Assignment: In your copy, set down the entries exactly and exclude the pictures.

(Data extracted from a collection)
• • • •

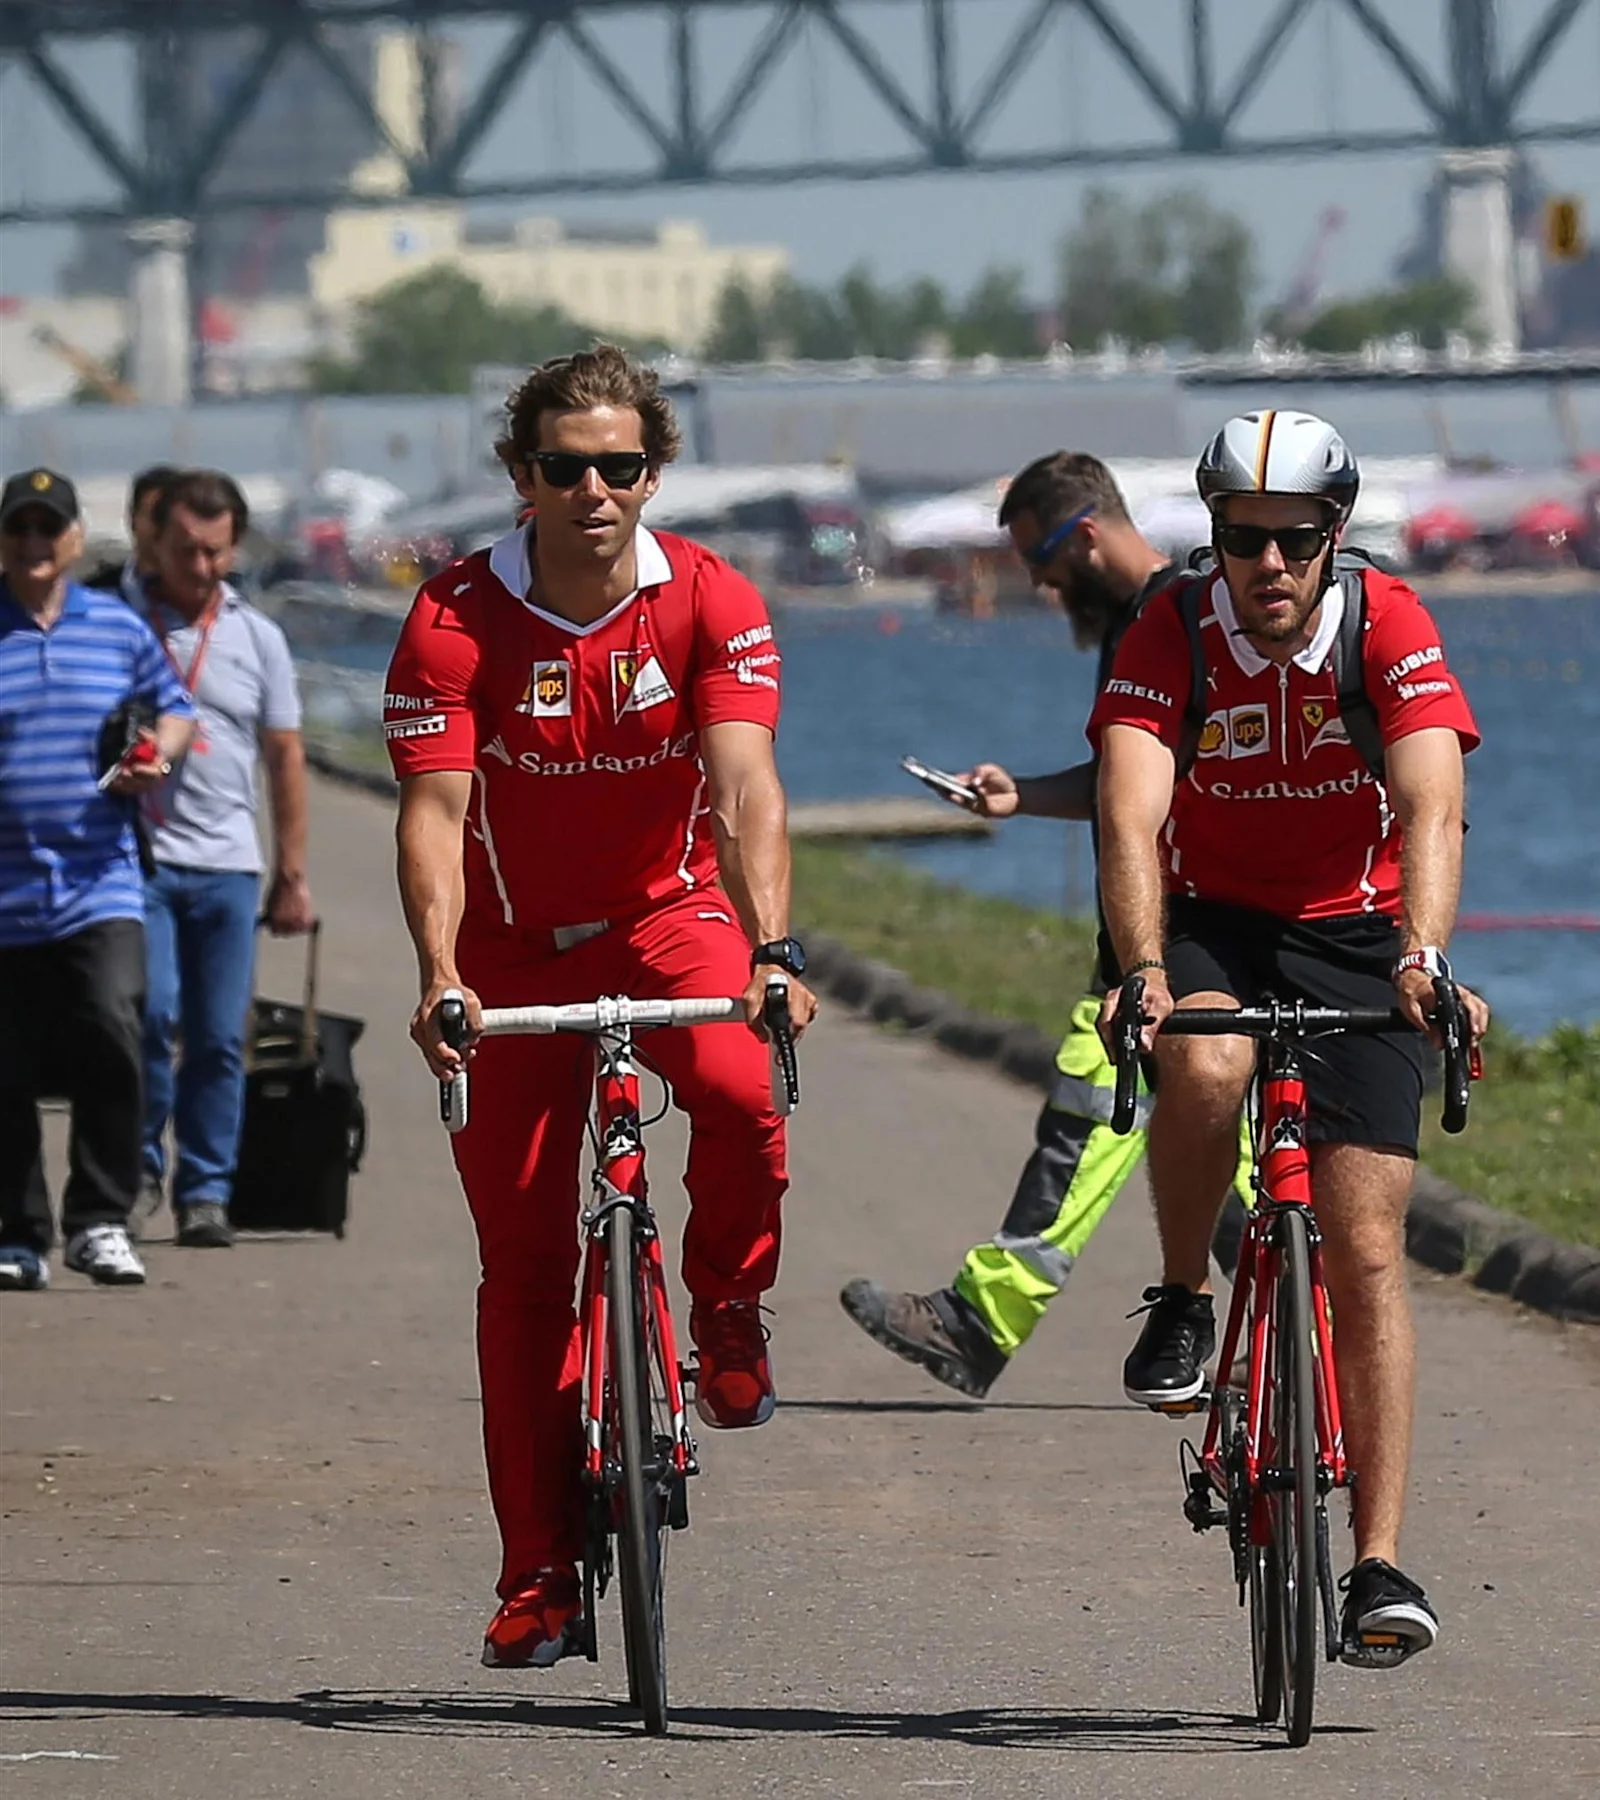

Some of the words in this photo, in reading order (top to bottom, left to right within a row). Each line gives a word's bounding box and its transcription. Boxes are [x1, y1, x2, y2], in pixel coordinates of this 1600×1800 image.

[726, 624, 772, 654] HUBLO
[1383, 646, 1443, 686] HUBLOT
[538, 680, 564, 702] ups
[1234, 722, 1263, 745] ups
[518, 731, 694, 776] Santander
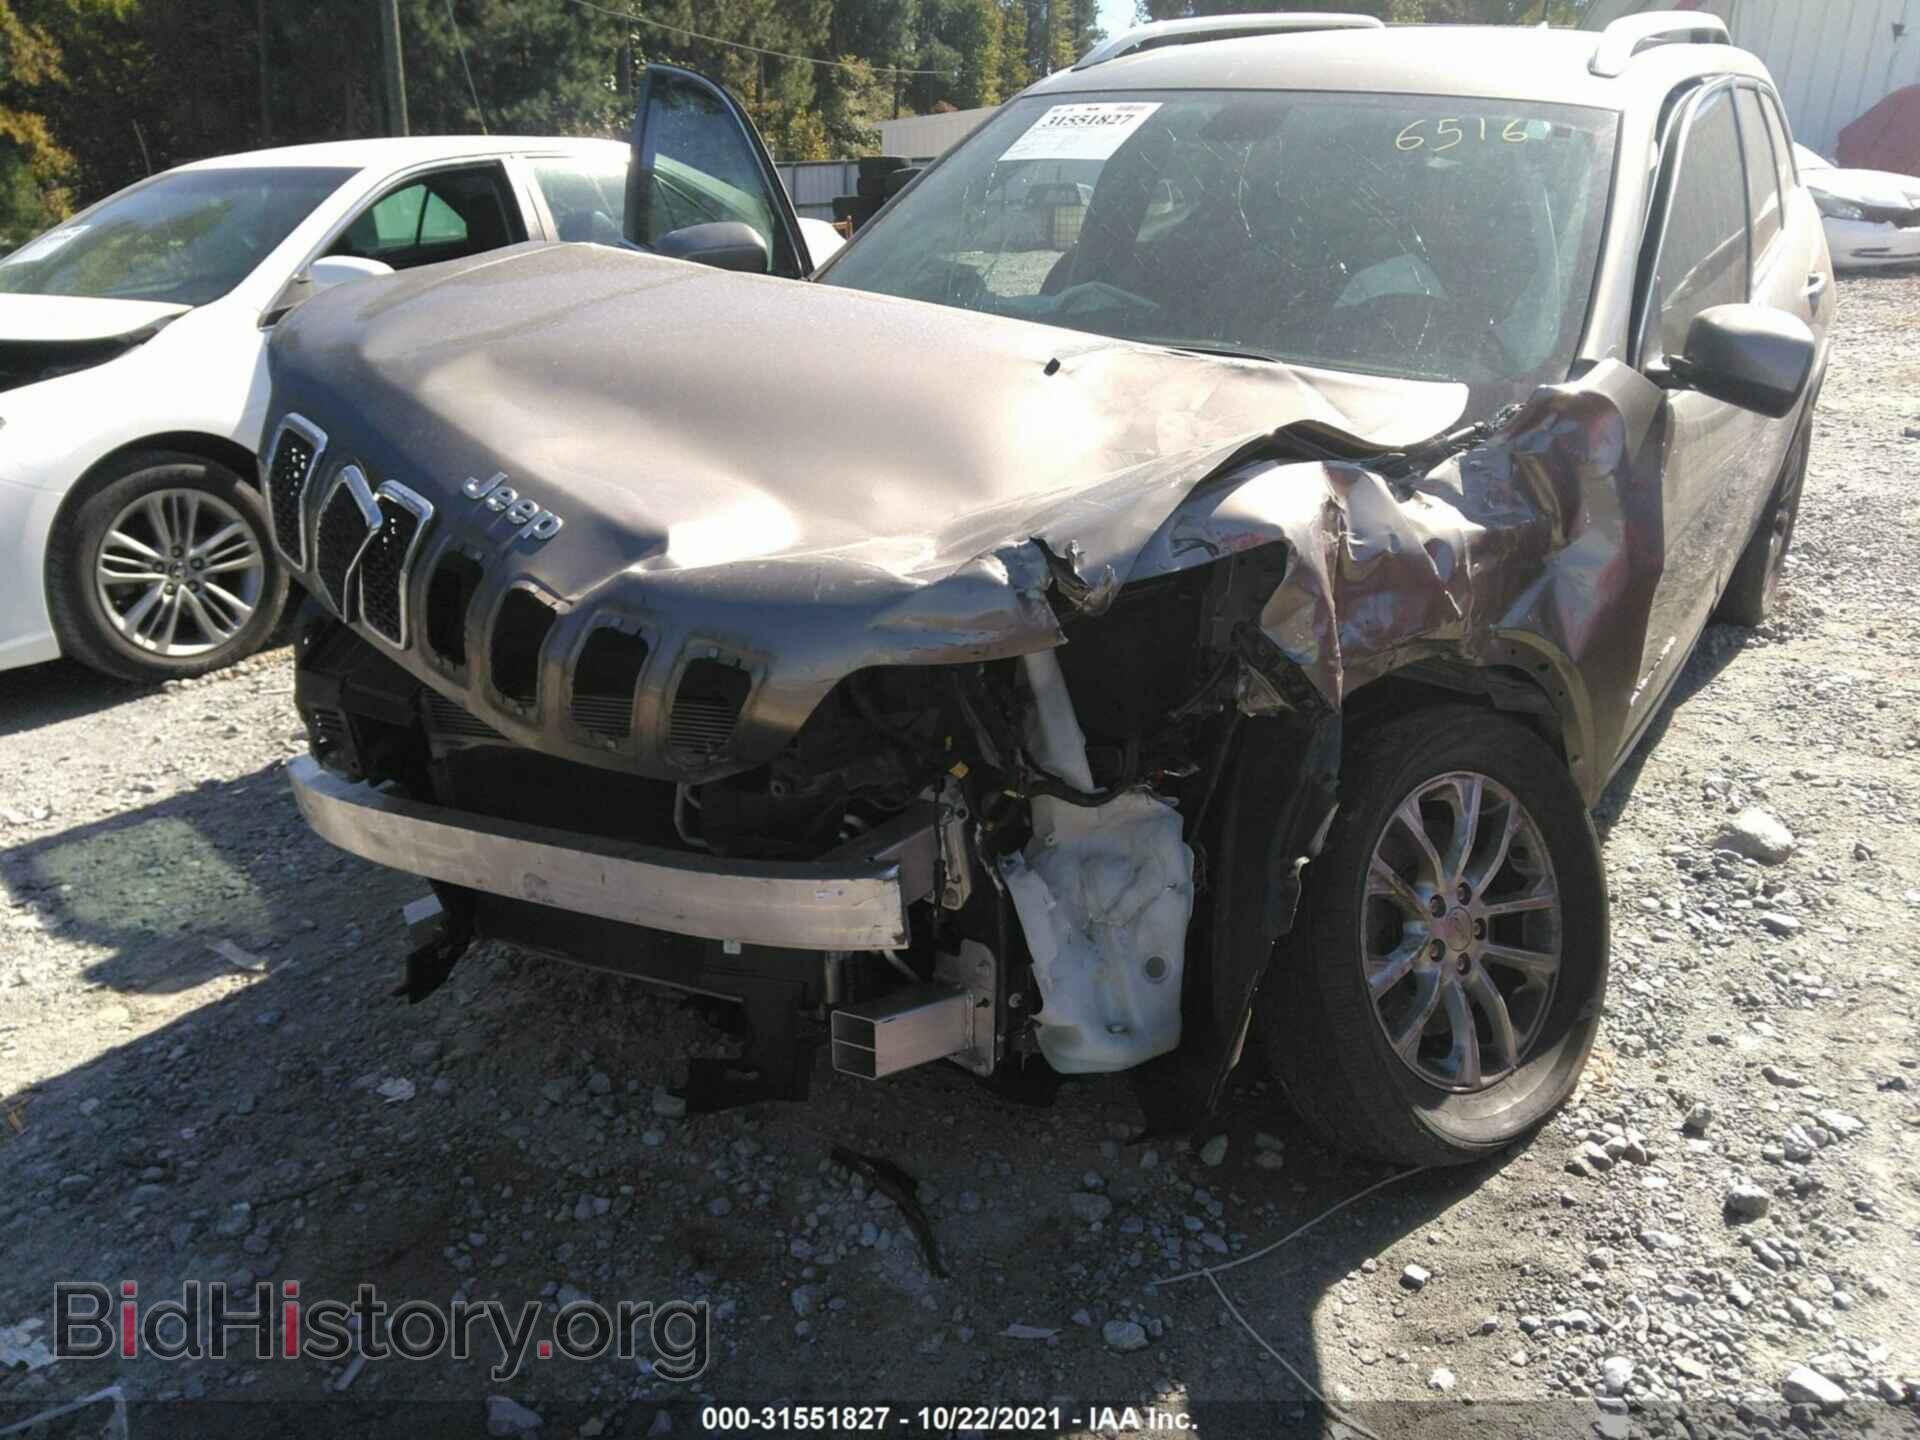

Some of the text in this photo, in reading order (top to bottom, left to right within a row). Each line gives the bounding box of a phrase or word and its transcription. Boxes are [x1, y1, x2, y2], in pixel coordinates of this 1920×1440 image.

[1042, 113, 1136, 128] 31551827
[1395, 117, 1529, 151] 6516
[463, 471, 564, 540] Jeep
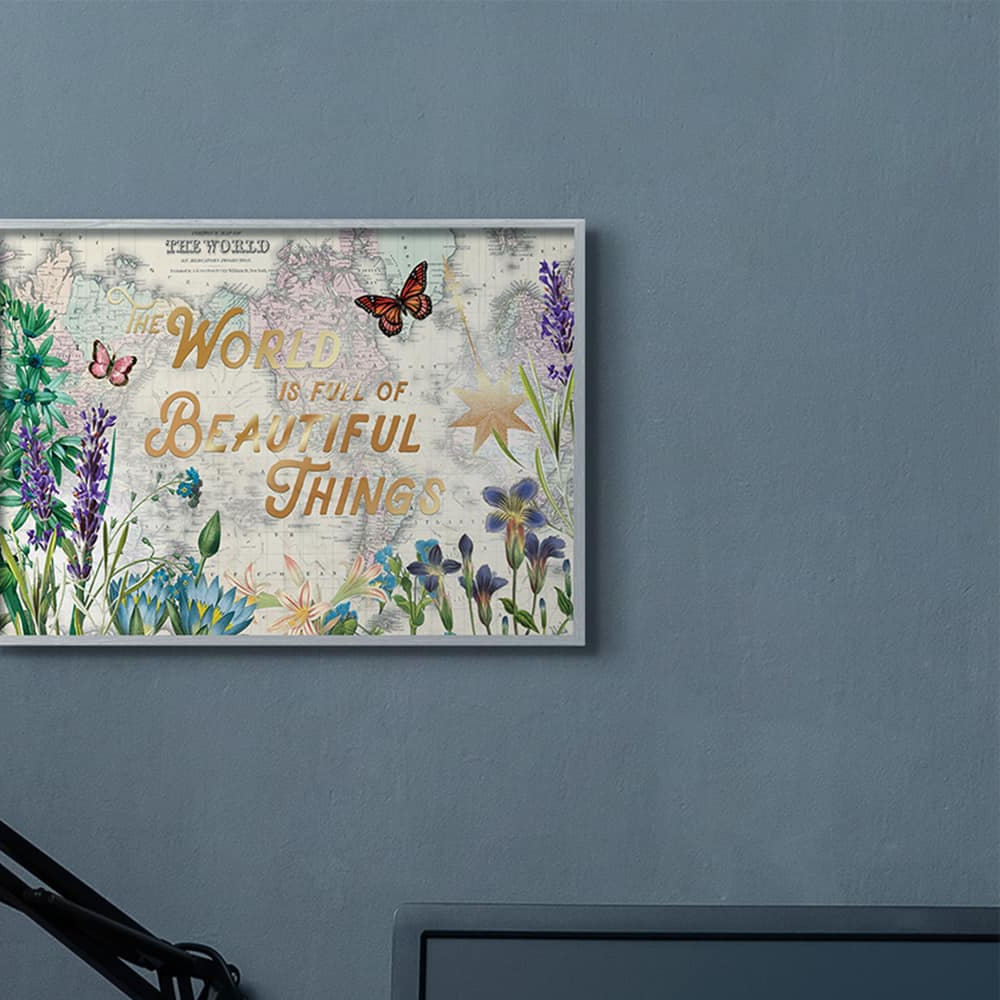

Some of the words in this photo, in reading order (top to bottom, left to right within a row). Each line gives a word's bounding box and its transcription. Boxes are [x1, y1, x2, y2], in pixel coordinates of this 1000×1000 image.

[165, 239, 201, 254] THE
[203, 239, 271, 254] WORLD
[107, 287, 165, 334] THE
[166, 306, 341, 369] WORLD
[278, 381, 299, 401] IS
[310, 381, 364, 401] FULL
[376, 381, 409, 401] OF
[144, 390, 421, 459] BEAUTIFUL
[265, 456, 446, 520] THINGS
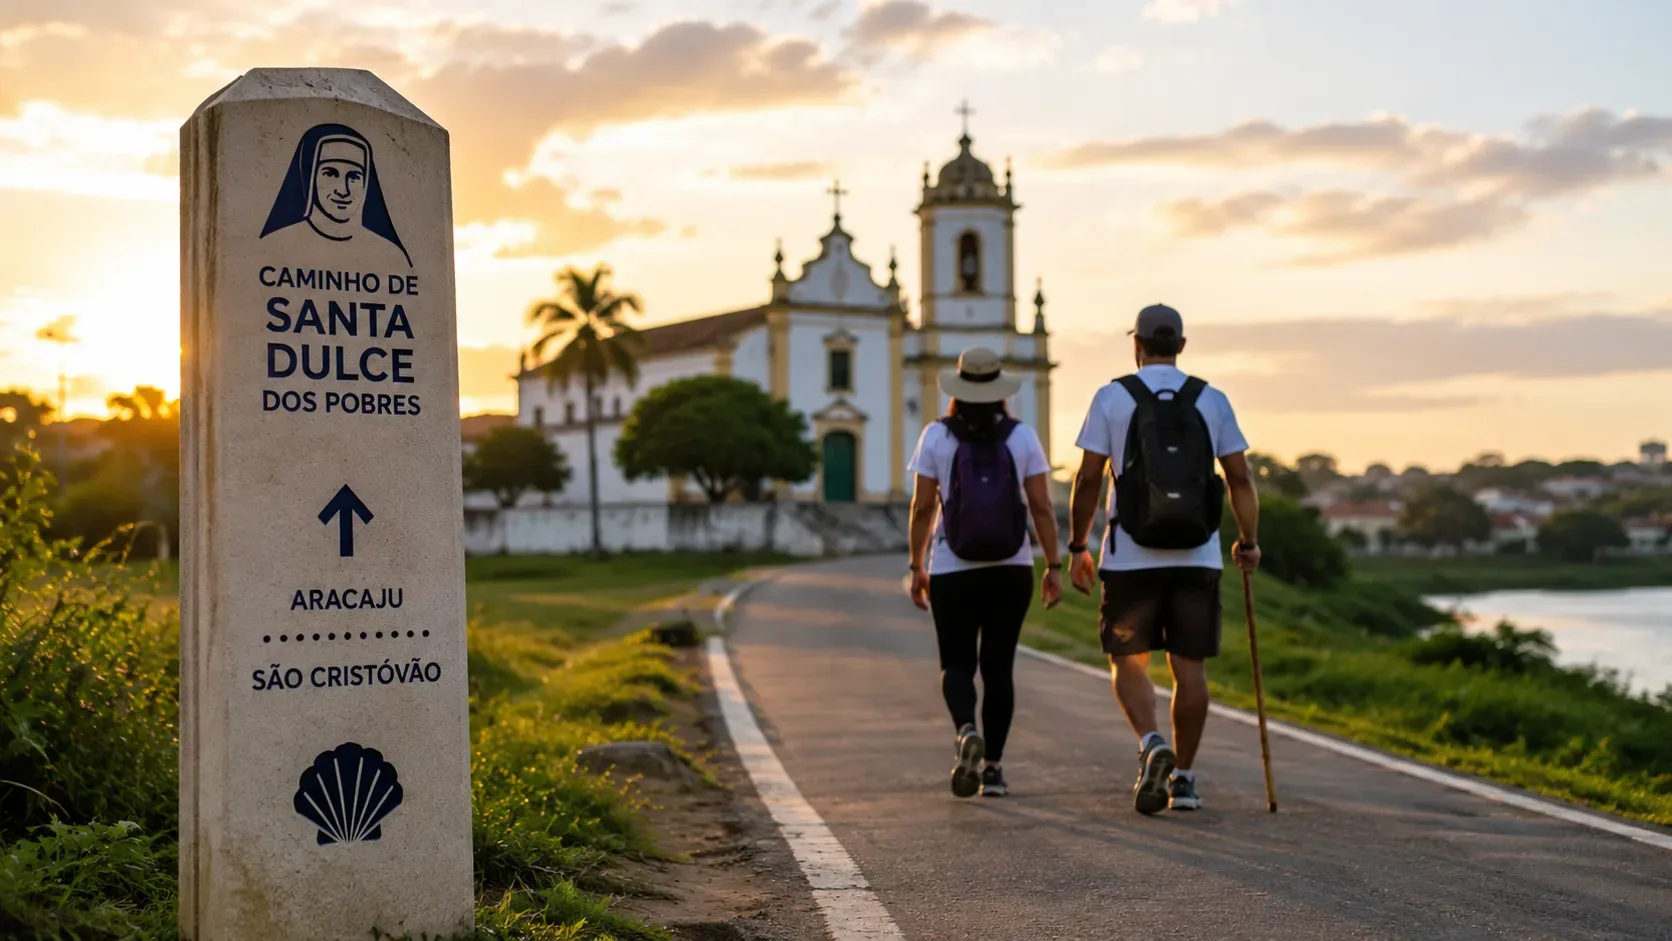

• • • •

Answer to this problem:
Some of the words in this photo, in reading order (top to bottom, left to right within a row). Each line gives a word's bounding box and its transcription. Boxes are [x1, y1, x2, y2], in pixel coordinates of this 1600×1800 image.

[726, 624, 772, 654] HUBLO
[1383, 646, 1443, 686] HUBLOT
[538, 680, 564, 702] ups
[1234, 722, 1263, 745] ups
[518, 731, 694, 776] Santander

Some of the text in this photo, in reading order (top to bottom, left to right within a row). Each line gives the bounding box of a phrase or word and its transcription. Boxes are [x1, y1, x2, y2], in pixel coordinates of this 1920×1440 image.

[1042, 113, 1136, 128] 31551827
[1395, 117, 1529, 151] 6516
[463, 471, 564, 540] Jeep

Some of the words in this photo, in reading order (top to bottom, left to right within a row). Each line gives a word's bounding box and its transcription. Boxes are [x1, y1, x2, y2], in pixel coordinates of this 1000×1000 image.

[165, 239, 201, 254] THE
[203, 239, 271, 254] WORLD
[107, 287, 165, 334] THE
[166, 306, 341, 369] WORLD
[278, 381, 299, 401] IS
[310, 381, 364, 401] FULL
[376, 381, 409, 401] OF
[144, 390, 421, 459] BEAUTIFUL
[265, 456, 446, 520] THINGS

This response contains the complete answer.